*** Given entries

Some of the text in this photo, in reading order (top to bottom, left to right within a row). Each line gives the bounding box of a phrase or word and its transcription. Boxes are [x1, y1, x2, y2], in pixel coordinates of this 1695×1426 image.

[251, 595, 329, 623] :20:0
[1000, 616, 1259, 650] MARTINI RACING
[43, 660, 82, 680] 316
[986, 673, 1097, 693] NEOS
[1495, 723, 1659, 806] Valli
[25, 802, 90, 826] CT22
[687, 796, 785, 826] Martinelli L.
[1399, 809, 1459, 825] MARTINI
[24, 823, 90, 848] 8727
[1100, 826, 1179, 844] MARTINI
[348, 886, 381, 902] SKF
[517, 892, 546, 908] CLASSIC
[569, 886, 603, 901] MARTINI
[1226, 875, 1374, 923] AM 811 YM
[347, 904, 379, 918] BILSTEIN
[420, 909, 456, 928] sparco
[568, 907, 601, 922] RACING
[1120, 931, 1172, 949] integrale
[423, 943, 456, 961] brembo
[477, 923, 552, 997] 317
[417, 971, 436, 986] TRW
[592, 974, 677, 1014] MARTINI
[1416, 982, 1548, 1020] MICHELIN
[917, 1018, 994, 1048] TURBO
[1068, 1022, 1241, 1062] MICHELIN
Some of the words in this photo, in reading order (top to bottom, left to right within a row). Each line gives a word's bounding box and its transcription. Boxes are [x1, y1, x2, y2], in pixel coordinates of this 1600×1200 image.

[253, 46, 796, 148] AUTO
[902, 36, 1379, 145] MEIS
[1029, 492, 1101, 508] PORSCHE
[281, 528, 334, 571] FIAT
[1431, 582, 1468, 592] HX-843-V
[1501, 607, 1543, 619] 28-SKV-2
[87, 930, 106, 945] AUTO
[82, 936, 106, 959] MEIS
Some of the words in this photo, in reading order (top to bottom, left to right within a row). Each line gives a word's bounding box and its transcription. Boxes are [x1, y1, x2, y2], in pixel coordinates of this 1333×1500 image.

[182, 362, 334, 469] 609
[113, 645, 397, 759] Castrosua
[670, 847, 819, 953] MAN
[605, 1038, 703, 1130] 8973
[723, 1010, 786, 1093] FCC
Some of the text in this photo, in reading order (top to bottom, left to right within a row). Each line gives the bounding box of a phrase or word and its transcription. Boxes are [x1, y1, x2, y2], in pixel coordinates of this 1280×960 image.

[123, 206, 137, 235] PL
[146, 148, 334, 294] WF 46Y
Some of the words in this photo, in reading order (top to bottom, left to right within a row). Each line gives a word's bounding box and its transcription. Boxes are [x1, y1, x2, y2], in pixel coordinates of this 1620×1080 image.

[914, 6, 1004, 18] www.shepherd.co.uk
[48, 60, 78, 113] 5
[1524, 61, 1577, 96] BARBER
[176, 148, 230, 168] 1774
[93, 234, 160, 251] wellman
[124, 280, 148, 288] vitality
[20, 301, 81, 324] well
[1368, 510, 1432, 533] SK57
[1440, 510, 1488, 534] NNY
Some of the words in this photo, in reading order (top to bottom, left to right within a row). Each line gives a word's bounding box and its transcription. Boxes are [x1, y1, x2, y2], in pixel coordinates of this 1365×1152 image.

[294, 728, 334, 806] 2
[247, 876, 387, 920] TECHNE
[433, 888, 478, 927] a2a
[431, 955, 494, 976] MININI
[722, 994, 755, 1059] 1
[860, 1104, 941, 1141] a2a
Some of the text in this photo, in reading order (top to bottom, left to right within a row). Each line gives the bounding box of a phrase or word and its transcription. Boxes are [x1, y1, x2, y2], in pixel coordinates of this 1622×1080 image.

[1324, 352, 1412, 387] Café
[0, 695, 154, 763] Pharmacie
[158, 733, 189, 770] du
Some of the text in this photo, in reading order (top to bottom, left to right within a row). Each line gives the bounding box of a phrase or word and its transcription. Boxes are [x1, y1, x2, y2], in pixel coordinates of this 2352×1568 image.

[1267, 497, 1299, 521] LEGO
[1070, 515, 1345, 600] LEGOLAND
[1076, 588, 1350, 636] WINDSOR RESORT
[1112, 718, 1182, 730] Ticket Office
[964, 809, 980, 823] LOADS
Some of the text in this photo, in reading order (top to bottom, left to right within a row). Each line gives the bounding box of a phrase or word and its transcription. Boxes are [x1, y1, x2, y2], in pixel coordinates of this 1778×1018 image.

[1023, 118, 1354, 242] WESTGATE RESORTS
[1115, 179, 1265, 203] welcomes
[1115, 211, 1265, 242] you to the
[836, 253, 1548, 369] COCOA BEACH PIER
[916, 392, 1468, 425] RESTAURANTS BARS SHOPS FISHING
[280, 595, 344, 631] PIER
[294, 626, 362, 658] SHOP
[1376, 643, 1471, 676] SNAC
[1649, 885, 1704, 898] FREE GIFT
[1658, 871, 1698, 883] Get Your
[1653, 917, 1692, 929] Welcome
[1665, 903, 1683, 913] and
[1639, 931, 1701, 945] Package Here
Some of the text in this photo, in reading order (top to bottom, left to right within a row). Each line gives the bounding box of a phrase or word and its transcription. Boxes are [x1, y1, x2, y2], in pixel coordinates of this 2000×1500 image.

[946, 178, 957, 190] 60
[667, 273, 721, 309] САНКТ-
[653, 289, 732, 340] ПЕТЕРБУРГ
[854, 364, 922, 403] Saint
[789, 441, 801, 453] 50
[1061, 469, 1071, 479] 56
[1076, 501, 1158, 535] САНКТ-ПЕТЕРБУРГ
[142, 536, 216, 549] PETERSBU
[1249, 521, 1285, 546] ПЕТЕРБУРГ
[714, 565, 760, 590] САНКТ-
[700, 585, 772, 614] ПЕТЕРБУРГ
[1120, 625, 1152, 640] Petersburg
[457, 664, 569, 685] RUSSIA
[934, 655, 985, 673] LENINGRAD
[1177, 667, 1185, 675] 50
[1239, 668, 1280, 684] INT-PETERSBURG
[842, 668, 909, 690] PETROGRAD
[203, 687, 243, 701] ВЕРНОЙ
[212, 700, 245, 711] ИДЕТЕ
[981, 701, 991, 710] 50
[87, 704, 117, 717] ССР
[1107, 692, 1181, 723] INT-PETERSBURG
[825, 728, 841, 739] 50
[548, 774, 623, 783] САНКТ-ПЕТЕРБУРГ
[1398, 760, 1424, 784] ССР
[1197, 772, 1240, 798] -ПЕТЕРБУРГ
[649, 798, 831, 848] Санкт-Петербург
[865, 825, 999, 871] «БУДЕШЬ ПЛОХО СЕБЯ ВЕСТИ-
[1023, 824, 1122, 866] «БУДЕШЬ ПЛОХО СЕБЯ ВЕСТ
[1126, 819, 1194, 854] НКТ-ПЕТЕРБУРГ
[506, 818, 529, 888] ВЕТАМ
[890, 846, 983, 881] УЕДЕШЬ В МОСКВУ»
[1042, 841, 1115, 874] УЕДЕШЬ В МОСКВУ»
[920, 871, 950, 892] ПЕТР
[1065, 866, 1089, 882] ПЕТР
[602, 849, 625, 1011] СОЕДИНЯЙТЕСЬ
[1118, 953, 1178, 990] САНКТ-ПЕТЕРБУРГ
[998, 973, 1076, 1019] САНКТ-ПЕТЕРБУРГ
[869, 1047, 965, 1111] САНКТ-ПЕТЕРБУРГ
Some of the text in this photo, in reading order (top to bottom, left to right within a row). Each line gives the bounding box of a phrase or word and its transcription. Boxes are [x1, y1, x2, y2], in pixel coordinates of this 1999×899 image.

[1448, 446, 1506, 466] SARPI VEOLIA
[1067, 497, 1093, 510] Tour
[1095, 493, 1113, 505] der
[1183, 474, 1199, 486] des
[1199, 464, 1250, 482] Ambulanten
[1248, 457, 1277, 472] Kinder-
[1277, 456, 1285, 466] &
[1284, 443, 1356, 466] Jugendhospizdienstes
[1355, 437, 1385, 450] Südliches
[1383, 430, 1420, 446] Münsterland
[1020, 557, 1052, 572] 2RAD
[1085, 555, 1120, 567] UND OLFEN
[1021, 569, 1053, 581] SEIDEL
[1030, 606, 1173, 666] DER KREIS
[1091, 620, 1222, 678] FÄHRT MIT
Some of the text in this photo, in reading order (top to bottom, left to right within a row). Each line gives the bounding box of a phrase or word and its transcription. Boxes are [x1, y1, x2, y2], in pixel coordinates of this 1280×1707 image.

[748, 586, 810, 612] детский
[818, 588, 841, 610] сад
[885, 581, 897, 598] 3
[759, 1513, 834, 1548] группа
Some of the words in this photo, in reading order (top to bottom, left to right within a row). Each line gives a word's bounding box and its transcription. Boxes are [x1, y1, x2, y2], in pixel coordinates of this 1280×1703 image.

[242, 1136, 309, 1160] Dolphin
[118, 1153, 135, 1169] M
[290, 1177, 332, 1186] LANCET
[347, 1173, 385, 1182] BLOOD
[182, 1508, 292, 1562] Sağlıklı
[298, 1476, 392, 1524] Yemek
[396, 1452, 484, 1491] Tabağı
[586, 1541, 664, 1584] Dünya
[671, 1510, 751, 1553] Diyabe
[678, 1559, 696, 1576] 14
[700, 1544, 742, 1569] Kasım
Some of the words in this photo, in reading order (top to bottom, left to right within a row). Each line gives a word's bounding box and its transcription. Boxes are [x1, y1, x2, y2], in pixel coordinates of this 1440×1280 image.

******

» Problem statement: Write out every line, unchanged, from the one containing "this 1280×1707 image." through the closing line of the data.

» Task response:
Some of the text in this photo, in reading order (top to bottom, left to right within a row). Each line gives the bounding box of a phrase or word and its transcription. Boxes are [x1, y1, x2, y2], in pixel coordinates of this 1280×1707 image.

[748, 586, 810, 612] детский
[818, 588, 841, 610] сад
[885, 581, 897, 598] 3
[759, 1513, 834, 1548] группа
Some of the words in this photo, in reading order (top to bottom, left to right within a row). Each line gives a word's bounding box and its transcription. Boxes are [x1, y1, x2, y2], in pixel coordinates of this 1280×1703 image.

[242, 1136, 309, 1160] Dolphin
[118, 1153, 135, 1169] M
[290, 1177, 332, 1186] LANCET
[347, 1173, 385, 1182] BLOOD
[182, 1508, 292, 1562] Sağlıklı
[298, 1476, 392, 1524] Yemek
[396, 1452, 484, 1491] Tabağı
[586, 1541, 664, 1584] Dünya
[671, 1510, 751, 1553] Diyabe
[678, 1559, 696, 1576] 14
[700, 1544, 742, 1569] Kasım
Some of the words in this photo, in reading order (top to bottom, left to right within a row). Each line gives a word's bounding box and its transcription. Boxes are [x1, y1, x2, y2], in pixel coordinates of this 1440×1280 image.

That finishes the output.